Truth is Kaepernick has spent little or no time in Bay area communities working with black youth, creating a dialogue between law enforcement and the black community, personally helping to close the deep divide that most will admit does exists.

Truth is his protest is more about him not getting the amount of exposure and publicity that he feels he is due from his past on-field heroics, now that he is competing to be “the man” again in San Francisco.

No. Sitting during a Patriotic song doesn’t do anything constructive to fix a serious problem except shine a brighter light on Colin. It’s like he learned this stunt in a Kardashian correspondence course chapter on how to act “Hot and Bothered.”

With his high profile, intelligence, big salary and touting that this personally troubling issue is bigger than football, he can do more than just not stand for the Star Spangled Banner. Sitting takes very little sweat equity like his numerous tweets on civil rights.

Bottom line is the Kaepernick doesn’t know the difference between Huey Newton and Huey Lewis. He is just upset that his star status is tarnished. His pre-game antics won’t help and certainly don’t raise any solutions to a serious problem.

In fairness to Kaepernick, he continues to raise awareness for Camp Taylor, a Bay-area charity that offers several programs for young people and families of children with heart disease. The cause is special to him as his parents lost two children to heart disease at a young age. But the last blog on his community involvement on the 49ers Web site is from 2014.

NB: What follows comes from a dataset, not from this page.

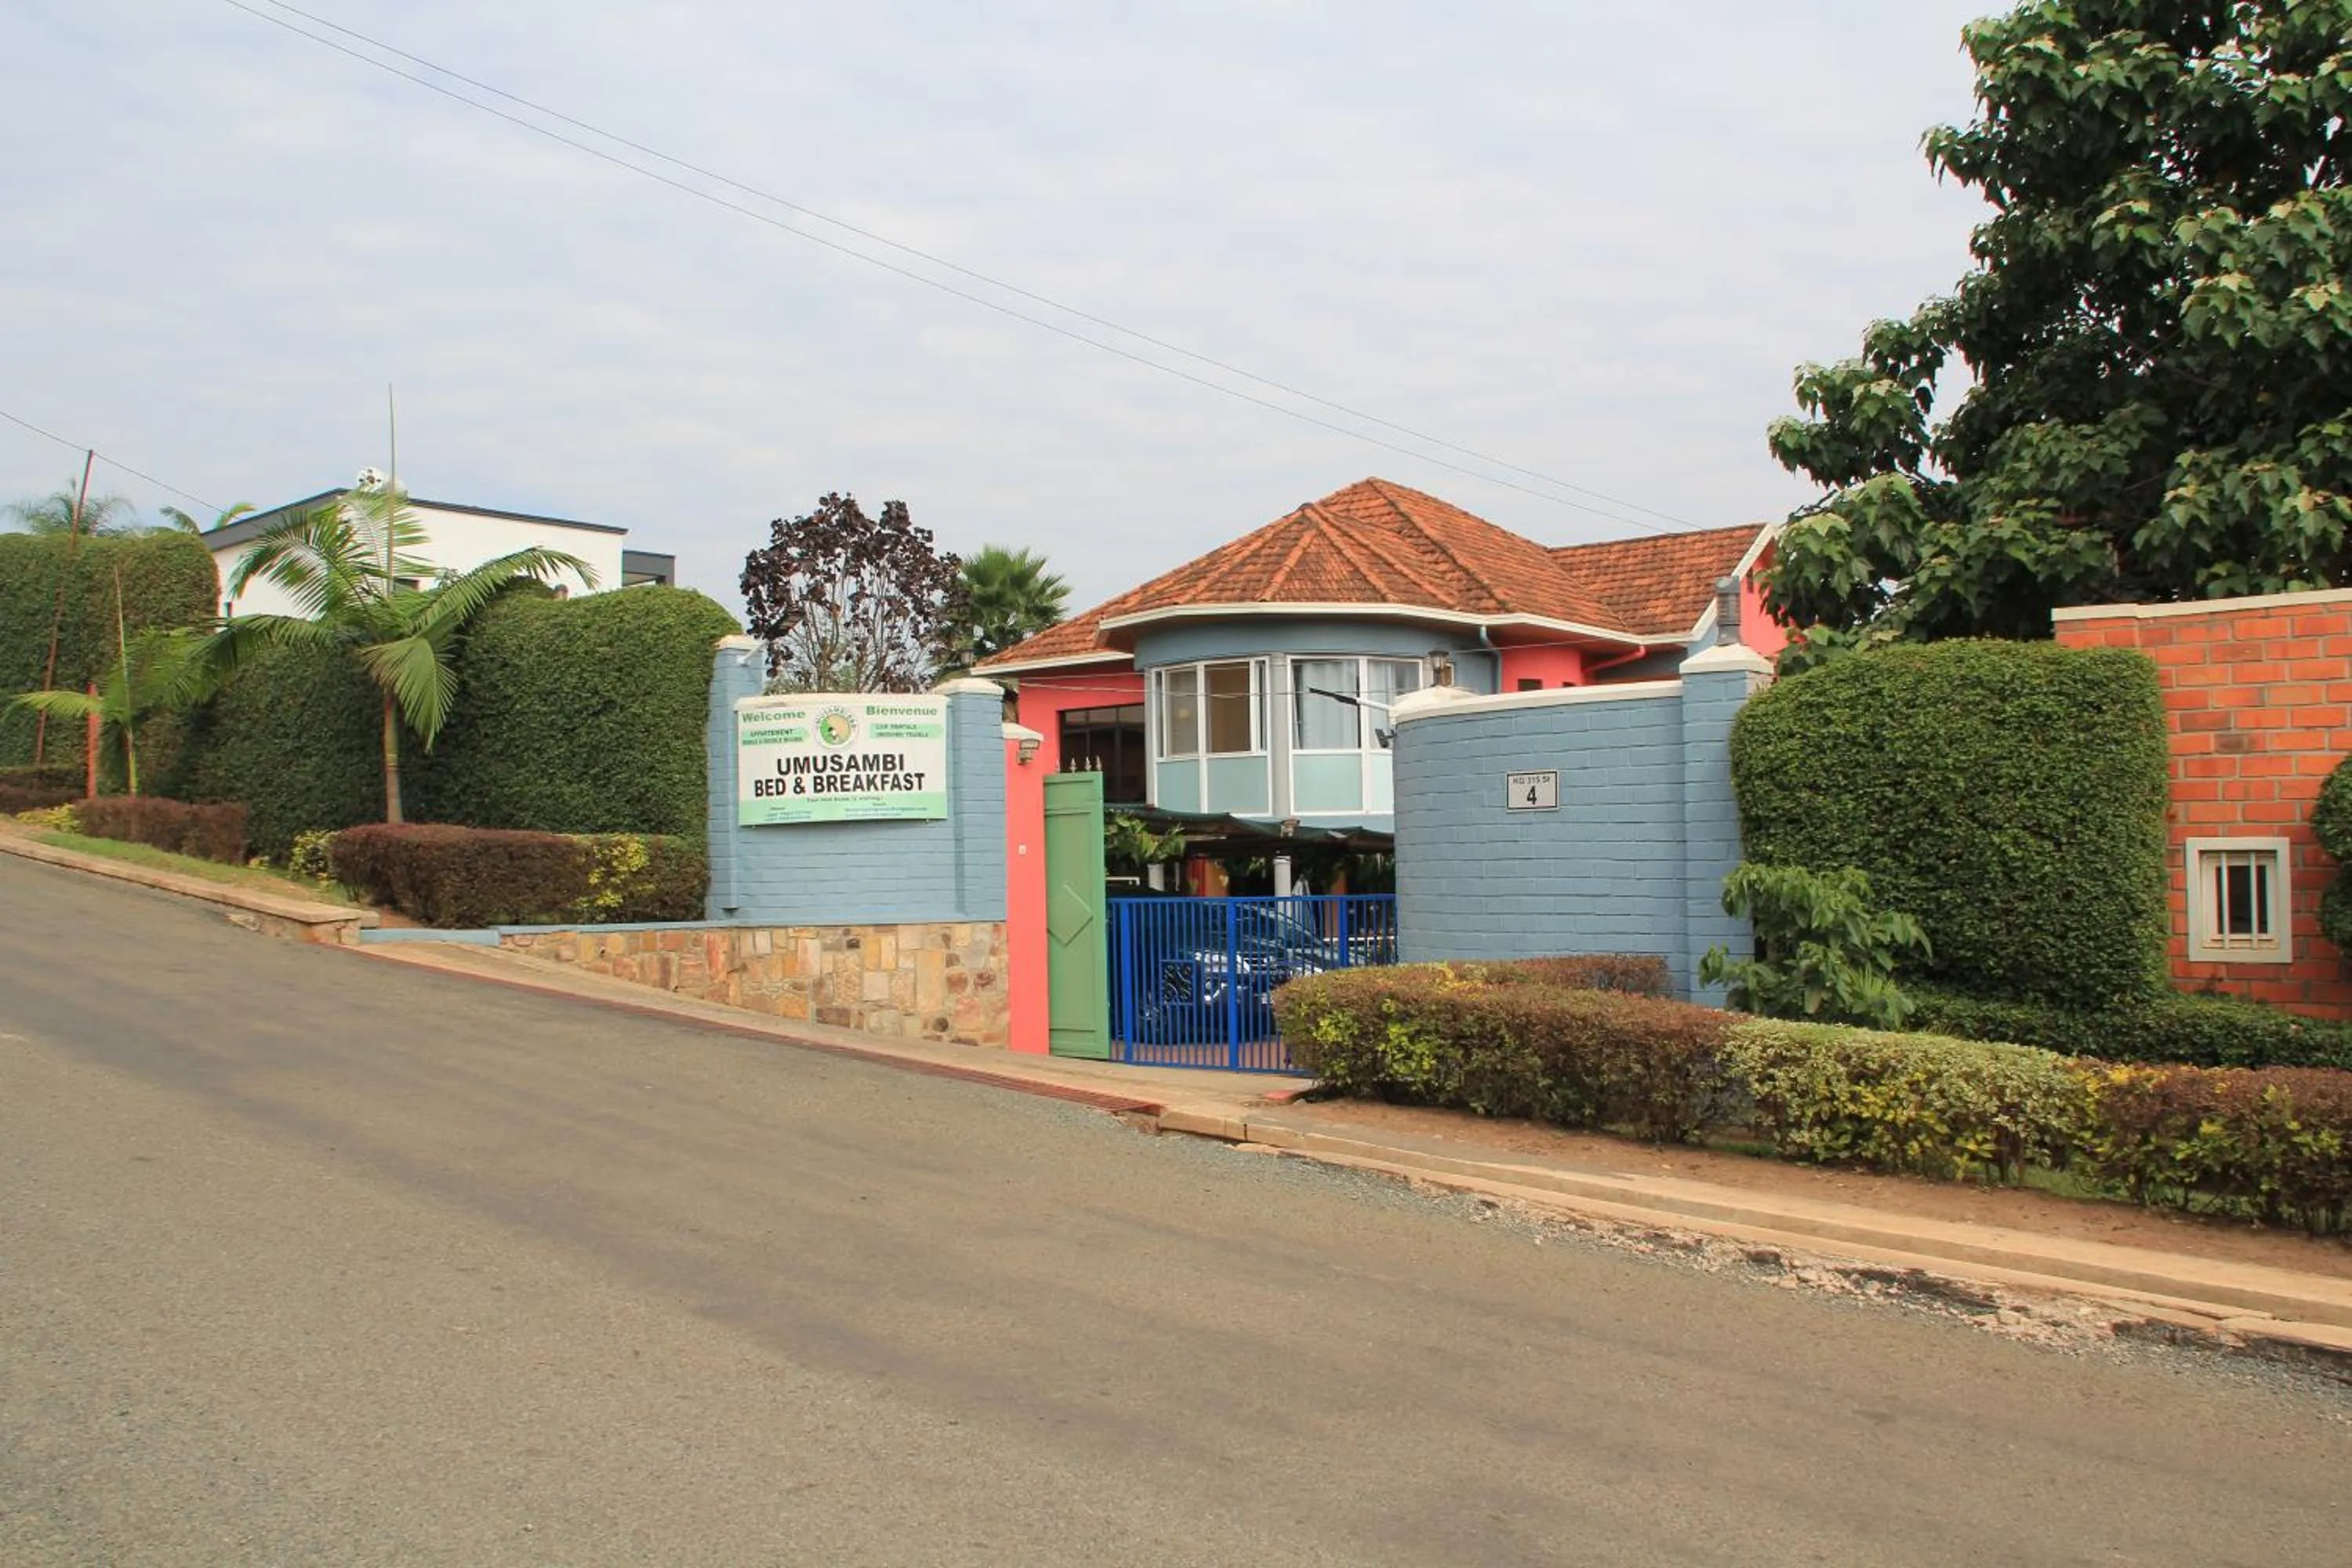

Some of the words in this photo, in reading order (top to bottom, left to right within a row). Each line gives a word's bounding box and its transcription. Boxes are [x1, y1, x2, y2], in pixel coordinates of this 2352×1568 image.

The 49ers issued a statement about Kaepernick’s decision: “The national anthem is and always will be a special part of the pre-game ceremony. It is an opportunity to honor our country and reflect on the great liberties we are afforded as its citizens. In respecting such American principles as freedom of religion and freedom of expression, we recognize the right of an individual to choose and participate, or not, in our celebration of the national anthem.”

By the way, the Packers won 21-10.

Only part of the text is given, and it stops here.